[Material for this task]
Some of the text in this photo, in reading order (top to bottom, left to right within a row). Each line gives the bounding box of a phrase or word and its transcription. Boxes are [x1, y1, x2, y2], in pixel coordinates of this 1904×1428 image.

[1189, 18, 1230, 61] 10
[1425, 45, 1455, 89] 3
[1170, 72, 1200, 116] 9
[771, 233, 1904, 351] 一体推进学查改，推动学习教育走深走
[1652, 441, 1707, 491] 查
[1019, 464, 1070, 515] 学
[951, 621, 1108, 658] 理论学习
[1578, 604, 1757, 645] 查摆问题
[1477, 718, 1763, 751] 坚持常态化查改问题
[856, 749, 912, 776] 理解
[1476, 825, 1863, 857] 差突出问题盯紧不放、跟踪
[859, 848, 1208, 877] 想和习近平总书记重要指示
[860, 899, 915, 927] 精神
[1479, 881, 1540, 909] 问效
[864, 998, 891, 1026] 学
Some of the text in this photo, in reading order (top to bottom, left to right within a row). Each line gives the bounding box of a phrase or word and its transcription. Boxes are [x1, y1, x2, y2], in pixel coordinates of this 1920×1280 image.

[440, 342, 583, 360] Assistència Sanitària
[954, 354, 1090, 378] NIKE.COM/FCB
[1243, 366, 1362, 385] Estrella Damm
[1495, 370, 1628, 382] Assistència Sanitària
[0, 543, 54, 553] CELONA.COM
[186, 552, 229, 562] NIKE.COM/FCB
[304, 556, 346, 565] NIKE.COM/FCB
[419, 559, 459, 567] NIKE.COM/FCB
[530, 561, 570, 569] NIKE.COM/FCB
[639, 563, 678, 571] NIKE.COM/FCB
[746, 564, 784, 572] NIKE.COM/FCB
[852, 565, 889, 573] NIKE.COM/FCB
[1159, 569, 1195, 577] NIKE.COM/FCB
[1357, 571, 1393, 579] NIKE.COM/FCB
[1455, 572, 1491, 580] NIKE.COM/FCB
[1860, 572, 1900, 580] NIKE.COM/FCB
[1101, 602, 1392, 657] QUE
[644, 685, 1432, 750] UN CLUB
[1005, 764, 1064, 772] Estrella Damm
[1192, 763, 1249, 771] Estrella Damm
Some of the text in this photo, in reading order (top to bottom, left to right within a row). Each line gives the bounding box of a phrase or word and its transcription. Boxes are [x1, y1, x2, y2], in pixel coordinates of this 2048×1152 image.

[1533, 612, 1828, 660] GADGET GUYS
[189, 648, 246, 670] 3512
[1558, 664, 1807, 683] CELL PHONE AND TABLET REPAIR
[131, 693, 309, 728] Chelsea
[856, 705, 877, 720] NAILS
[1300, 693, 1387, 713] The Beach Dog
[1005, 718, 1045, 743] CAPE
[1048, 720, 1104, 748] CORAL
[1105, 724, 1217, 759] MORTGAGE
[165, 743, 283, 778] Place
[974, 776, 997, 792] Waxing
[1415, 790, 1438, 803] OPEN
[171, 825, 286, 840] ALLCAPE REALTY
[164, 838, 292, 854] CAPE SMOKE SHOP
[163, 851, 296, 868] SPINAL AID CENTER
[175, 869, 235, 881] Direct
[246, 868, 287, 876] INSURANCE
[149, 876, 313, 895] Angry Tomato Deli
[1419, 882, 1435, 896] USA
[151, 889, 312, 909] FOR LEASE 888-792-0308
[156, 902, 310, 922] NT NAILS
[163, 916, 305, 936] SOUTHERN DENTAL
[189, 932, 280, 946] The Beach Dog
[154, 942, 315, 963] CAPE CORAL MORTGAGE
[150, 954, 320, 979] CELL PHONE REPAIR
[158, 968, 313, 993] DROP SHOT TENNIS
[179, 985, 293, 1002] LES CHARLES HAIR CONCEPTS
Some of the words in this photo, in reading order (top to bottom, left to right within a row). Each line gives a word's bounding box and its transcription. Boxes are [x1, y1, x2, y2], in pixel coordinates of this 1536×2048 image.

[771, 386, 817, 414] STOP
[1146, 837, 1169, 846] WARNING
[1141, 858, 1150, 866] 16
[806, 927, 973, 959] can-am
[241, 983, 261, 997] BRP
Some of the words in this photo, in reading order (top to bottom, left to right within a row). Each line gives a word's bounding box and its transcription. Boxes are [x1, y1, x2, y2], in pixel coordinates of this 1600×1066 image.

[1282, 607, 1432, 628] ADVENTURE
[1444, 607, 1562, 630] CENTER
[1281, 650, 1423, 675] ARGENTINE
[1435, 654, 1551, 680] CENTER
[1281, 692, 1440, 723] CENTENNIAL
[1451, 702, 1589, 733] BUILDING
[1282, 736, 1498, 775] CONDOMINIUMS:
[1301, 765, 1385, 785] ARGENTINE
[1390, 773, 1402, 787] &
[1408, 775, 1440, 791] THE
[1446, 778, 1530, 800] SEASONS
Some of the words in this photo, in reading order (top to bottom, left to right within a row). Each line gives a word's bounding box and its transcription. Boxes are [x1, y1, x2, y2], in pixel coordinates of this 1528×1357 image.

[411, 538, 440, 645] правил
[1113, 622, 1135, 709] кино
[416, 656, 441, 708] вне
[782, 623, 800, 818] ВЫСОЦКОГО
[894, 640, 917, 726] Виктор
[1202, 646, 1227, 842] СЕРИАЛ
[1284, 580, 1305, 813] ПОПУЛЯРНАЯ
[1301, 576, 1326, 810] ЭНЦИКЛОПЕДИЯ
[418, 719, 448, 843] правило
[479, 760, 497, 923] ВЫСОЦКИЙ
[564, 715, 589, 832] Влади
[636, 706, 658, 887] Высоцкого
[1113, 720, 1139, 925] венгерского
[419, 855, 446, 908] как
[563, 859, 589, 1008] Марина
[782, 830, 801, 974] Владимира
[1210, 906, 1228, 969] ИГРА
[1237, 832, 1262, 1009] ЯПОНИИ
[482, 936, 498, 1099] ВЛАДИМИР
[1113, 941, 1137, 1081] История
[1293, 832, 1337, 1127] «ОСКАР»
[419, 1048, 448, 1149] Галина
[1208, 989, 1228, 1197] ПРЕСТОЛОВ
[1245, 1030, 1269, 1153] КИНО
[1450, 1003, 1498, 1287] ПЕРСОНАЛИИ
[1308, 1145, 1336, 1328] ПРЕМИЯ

[Activity] The records above are to be given again in full, exactly.

[Written solution]
Some of the text in this photo, in reading order (top to bottom, left to right within a row). Each line gives the bounding box of a phrase or word and its transcription. Boxes are [x1, y1, x2, y2], in pixel coordinates of this 1904×1428 image.

[1189, 18, 1230, 61] 10
[1425, 45, 1455, 89] 3
[1170, 72, 1200, 116] 9
[771, 233, 1904, 351] 一体推进学查改，推动学习教育走深走
[1652, 441, 1707, 491] 查
[1019, 464, 1070, 515] 学
[951, 621, 1108, 658] 理论学习
[1578, 604, 1757, 645] 查摆问题
[1477, 718, 1763, 751] 坚持常态化查改问题
[856, 749, 912, 776] 理解
[1476, 825, 1863, 857] 差突出问题盯紧不放、跟踪
[859, 848, 1208, 877] 想和习近平总书记重要指示
[860, 899, 915, 927] 精神
[1479, 881, 1540, 909] 问效
[864, 998, 891, 1026] 学
Some of the text in this photo, in reading order (top to bottom, left to right within a row). Each line gives the bounding box of a phrase or word and its transcription. Boxes are [x1, y1, x2, y2], in pixel coordinates of this 1920×1280 image.

[440, 342, 583, 360] Assistència Sanitària
[954, 354, 1090, 378] NIKE.COM/FCB
[1243, 366, 1362, 385] Estrella Damm
[1495, 370, 1628, 382] Assistència Sanitària
[0, 543, 54, 553] CELONA.COM
[186, 552, 229, 562] NIKE.COM/FCB
[304, 556, 346, 565] NIKE.COM/FCB
[419, 559, 459, 567] NIKE.COM/FCB
[530, 561, 570, 569] NIKE.COM/FCB
[639, 563, 678, 571] NIKE.COM/FCB
[746, 564, 784, 572] NIKE.COM/FCB
[852, 565, 889, 573] NIKE.COM/FCB
[1159, 569, 1195, 577] NIKE.COM/FCB
[1357, 571, 1393, 579] NIKE.COM/FCB
[1455, 572, 1491, 580] NIKE.COM/FCB
[1860, 572, 1900, 580] NIKE.COM/FCB
[1101, 602, 1392, 657] QUE
[644, 685, 1432, 750] UN CLUB
[1005, 764, 1064, 772] Estrella Damm
[1192, 763, 1249, 771] Estrella Damm
Some of the text in this photo, in reading order (top to bottom, left to right within a row). Each line gives the bounding box of a phrase or word and its transcription. Boxes are [x1, y1, x2, y2], in pixel coordinates of this 2048×1152 image.

[1533, 612, 1828, 660] GADGET GUYS
[189, 648, 246, 670] 3512
[1558, 664, 1807, 683] CELL PHONE AND TABLET REPAIR
[131, 693, 309, 728] Chelsea
[856, 705, 877, 720] NAILS
[1300, 693, 1387, 713] The Beach Dog
[1005, 718, 1045, 743] CAPE
[1048, 720, 1104, 748] CORAL
[1105, 724, 1217, 759] MORTGAGE
[165, 743, 283, 778] Place
[974, 776, 997, 792] Waxing
[1415, 790, 1438, 803] OPEN
[171, 825, 286, 840] ALLCAPE REALTY
[164, 838, 292, 854] CAPE SMOKE SHOP
[163, 851, 296, 868] SPINAL AID CENTER
[175, 869, 235, 881] Direct
[246, 868, 287, 876] INSURANCE
[149, 876, 313, 895] Angry Tomato Deli
[1419, 882, 1435, 896] USA
[151, 889, 312, 909] FOR LEASE 888-792-0308
[156, 902, 310, 922] NT NAILS
[163, 916, 305, 936] SOUTHERN DENTAL
[189, 932, 280, 946] The Beach Dog
[154, 942, 315, 963] CAPE CORAL MORTGAGE
[150, 954, 320, 979] CELL PHONE REPAIR
[158, 968, 313, 993] DROP SHOT TENNIS
[179, 985, 293, 1002] LES CHARLES HAIR CONCEPTS
Some of the words in this photo, in reading order (top to bottom, left to right within a row). Each line gives a word's bounding box and its transcription. Boxes are [x1, y1, x2, y2], in pixel coordinates of this 1536×2048 image.

[771, 386, 817, 414] STOP
[1146, 837, 1169, 846] WARNING
[1141, 858, 1150, 866] 16
[806, 927, 973, 959] can-am
[241, 983, 261, 997] BRP
Some of the words in this photo, in reading order (top to bottom, left to right within a row). Each line gives a word's bounding box and its transcription. Boxes are [x1, y1, x2, y2], in pixel coordinates of this 1600×1066 image.

[1282, 607, 1432, 628] ADVENTURE
[1444, 607, 1562, 630] CENTER
[1281, 650, 1423, 675] ARGENTINE
[1435, 654, 1551, 680] CENTER
[1281, 692, 1440, 723] CENTENNIAL
[1451, 702, 1589, 733] BUILDING
[1282, 736, 1498, 775] CONDOMINIUMS:
[1301, 765, 1385, 785] ARGENTINE
[1390, 773, 1402, 787] &
[1408, 775, 1440, 791] THE
[1446, 778, 1530, 800] SEASONS
Some of the words in this photo, in reading order (top to bottom, left to right within a row). Each line gives a word's bounding box and its transcription. Boxes are [x1, y1, x2, y2], in pixel coordinates of this 1528×1357 image.

[411, 538, 440, 645] правил
[1113, 622, 1135, 709] кино
[416, 656, 441, 708] вне
[782, 623, 800, 818] ВЫСОЦКОГО
[894, 640, 917, 726] Виктор
[1202, 646, 1227, 842] СЕРИАЛ
[1284, 580, 1305, 813] ПОПУЛЯРНАЯ
[1301, 576, 1326, 810] ЭНЦИКЛОПЕДИЯ
[418, 719, 448, 843] правило
[479, 760, 497, 923] ВЫСОЦКИЙ
[564, 715, 589, 832] Влади
[636, 706, 658, 887] Высоцкого
[1113, 720, 1139, 925] венгерского
[419, 855, 446, 908] как
[563, 859, 589, 1008] Марина
[782, 830, 801, 974] Владимира
[1210, 906, 1228, 969] ИГРА
[1237, 832, 1262, 1009] ЯПОНИИ
[482, 936, 498, 1099] ВЛАДИМИР
[1113, 941, 1137, 1081] История
[1293, 832, 1337, 1127] «ОСКАР»
[419, 1048, 448, 1149] Галина
[1208, 989, 1228, 1197] ПРЕСТОЛОВ
[1245, 1030, 1269, 1153] КИНО
[1450, 1003, 1498, 1287] ПЕРСОНАЛИИ
[1308, 1145, 1336, 1328] ПРЕМИЯ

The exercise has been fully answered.